Now, Cosmic Star Heroine has actually been out for awhile now, having seen releases on PC back in April of 2017 as well as having found a home on the PlayStation 4. In a lot of ways, the Switch feels like the most comfortable home for it, because I personally dig playing these kinds of games on the big screen, but they look great on the smaller Switch screen when wanting to play it on the go as well.
As the name likely indicates, Cosmic Star Heroine is not a swords and sorcery JRPG experience, but a science fiction title that focuses on espionage as our protagonist Alyssa L’Salle (even the heroine’s name kind of reminds me of Phantasy Star, which had a female protagonist named Alis) sets out on an adventure to save the galaxy. For better or for worse, the story telling in Cosmic Star Heroine is also rather similar to that era in that it does help to keep things moving along, giving purpose to the actions that take you through the game, but does not really give you much beyond that. There are a handful of small plot twists that I found enjoyable enough, and there is a certain old school charm to some of the character conversations that take place with the NPCs that make things enjoyable along the way.

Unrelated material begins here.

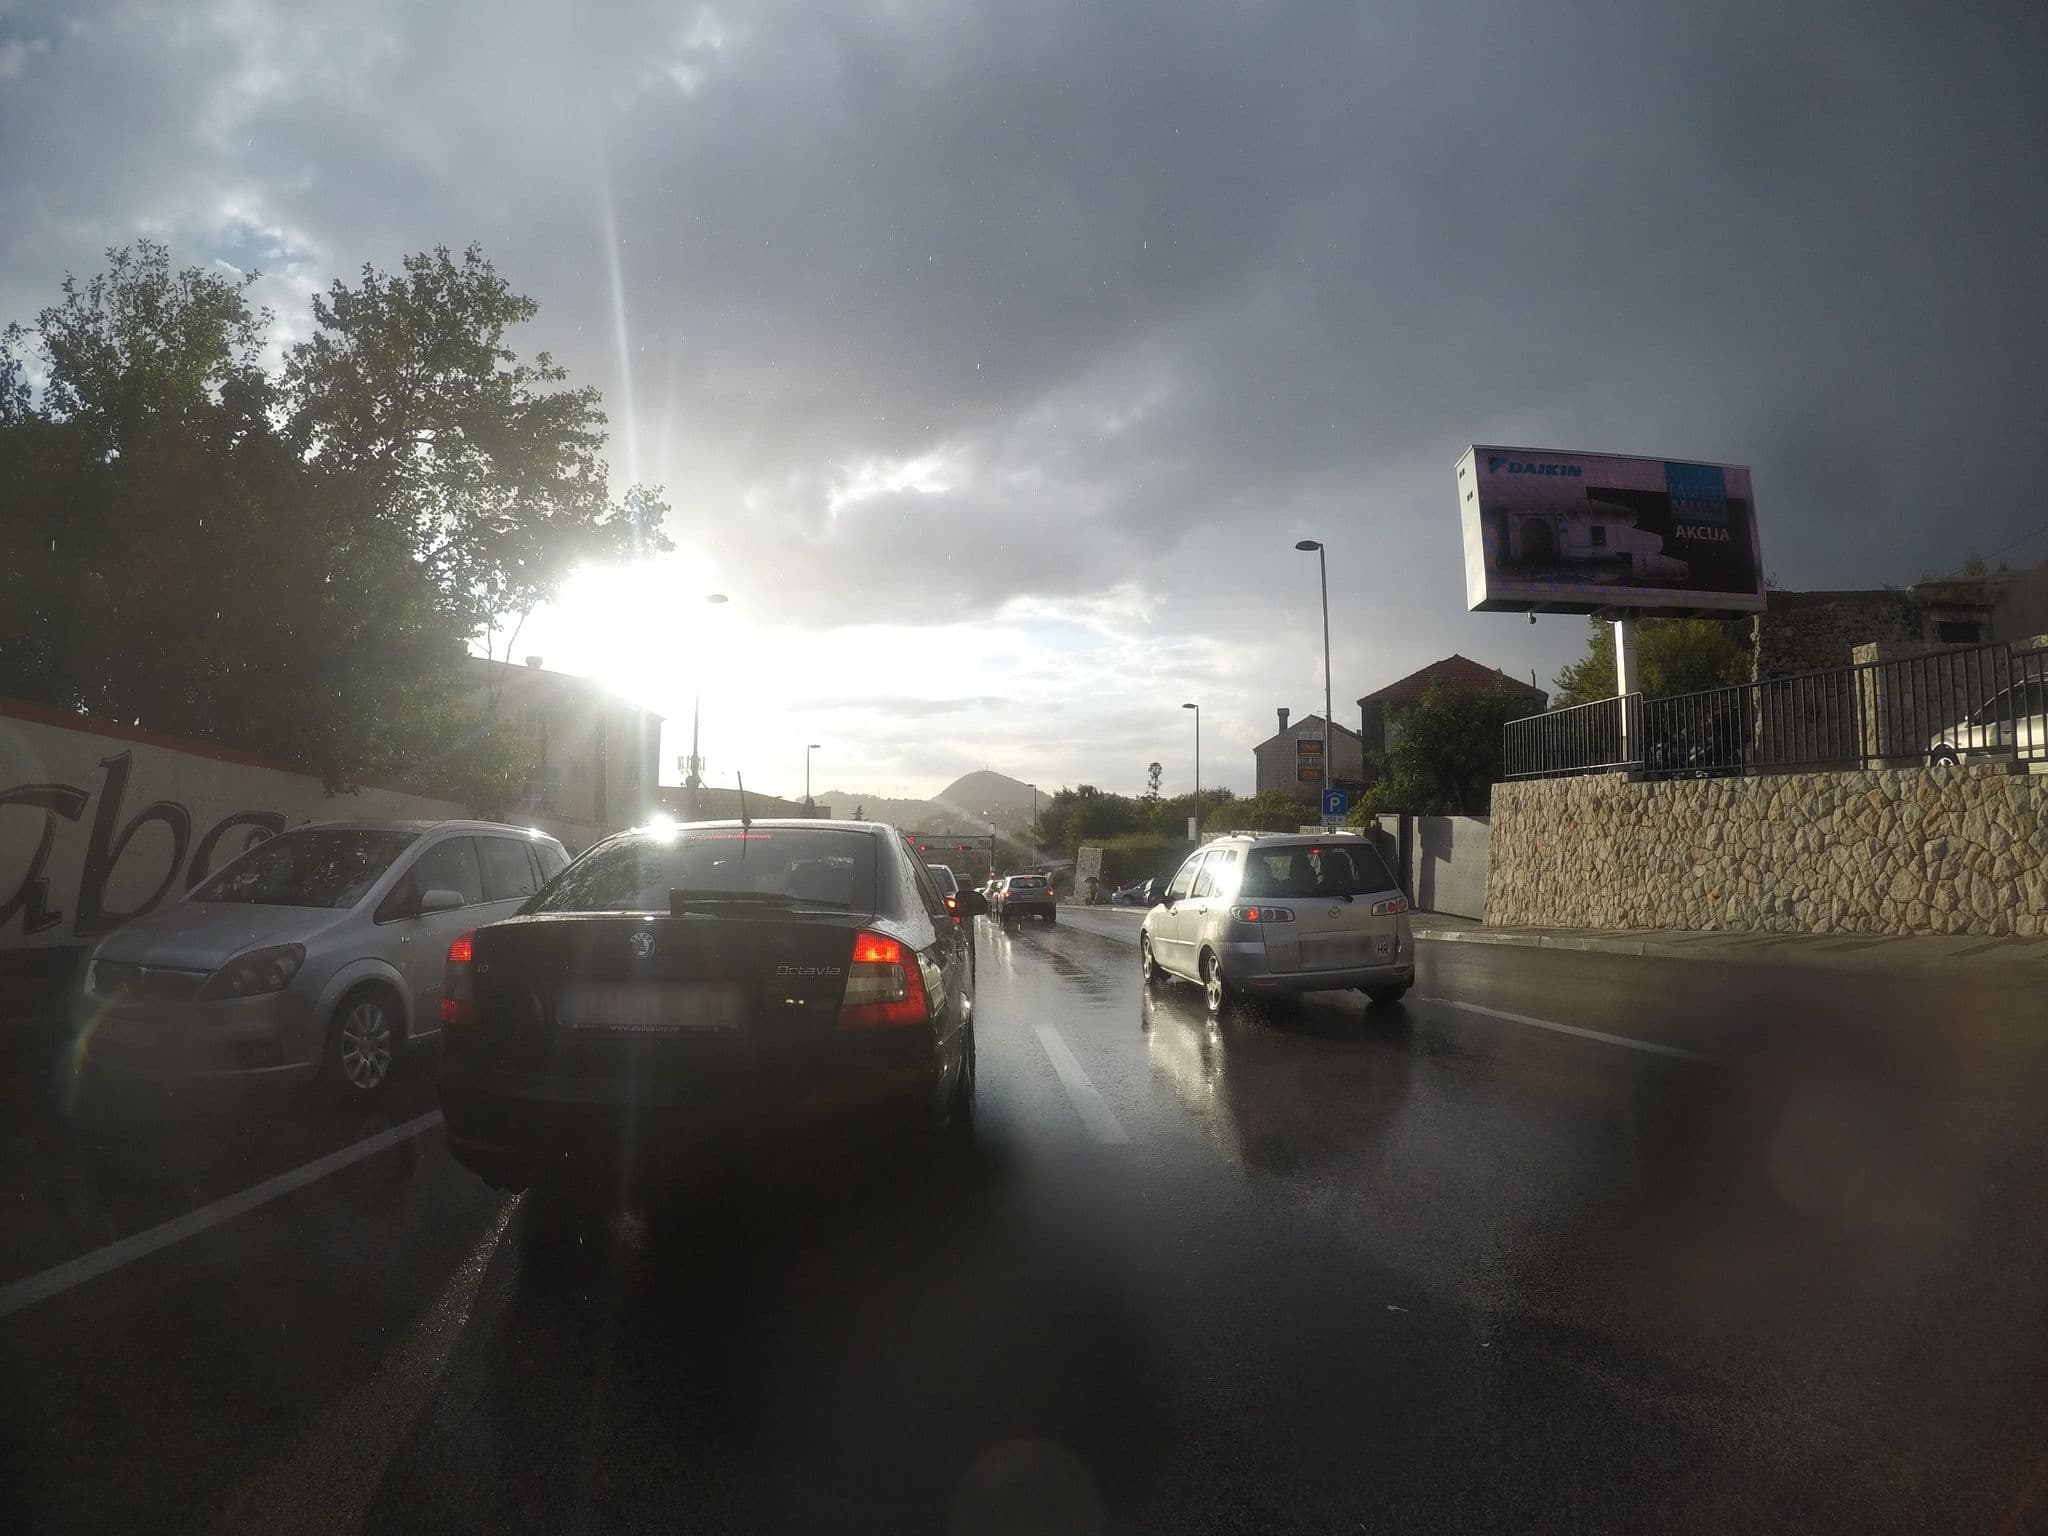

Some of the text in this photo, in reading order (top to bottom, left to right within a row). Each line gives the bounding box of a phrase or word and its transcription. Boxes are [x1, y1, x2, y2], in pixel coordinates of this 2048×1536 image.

For better or for worse, Cosmic Star Heroine is a relatively quick JRPG to play (which sounds weirdly unlikely, I know). It only takes about a dozen hours to beat, but that ties into what I said about about the story. If you love wandering around massive cities interacting with thousands of NPCs and grinding against enemies to attain unbelievably powerful characters, there is a good chance that Cosmic Star Heroine will disappoint on those fronts. The pacing is pretty brisk, and while the game’s opening sequence sets the stage nicely, as I mentioned before – the story mostly stays out of the way until the game’s conclusion.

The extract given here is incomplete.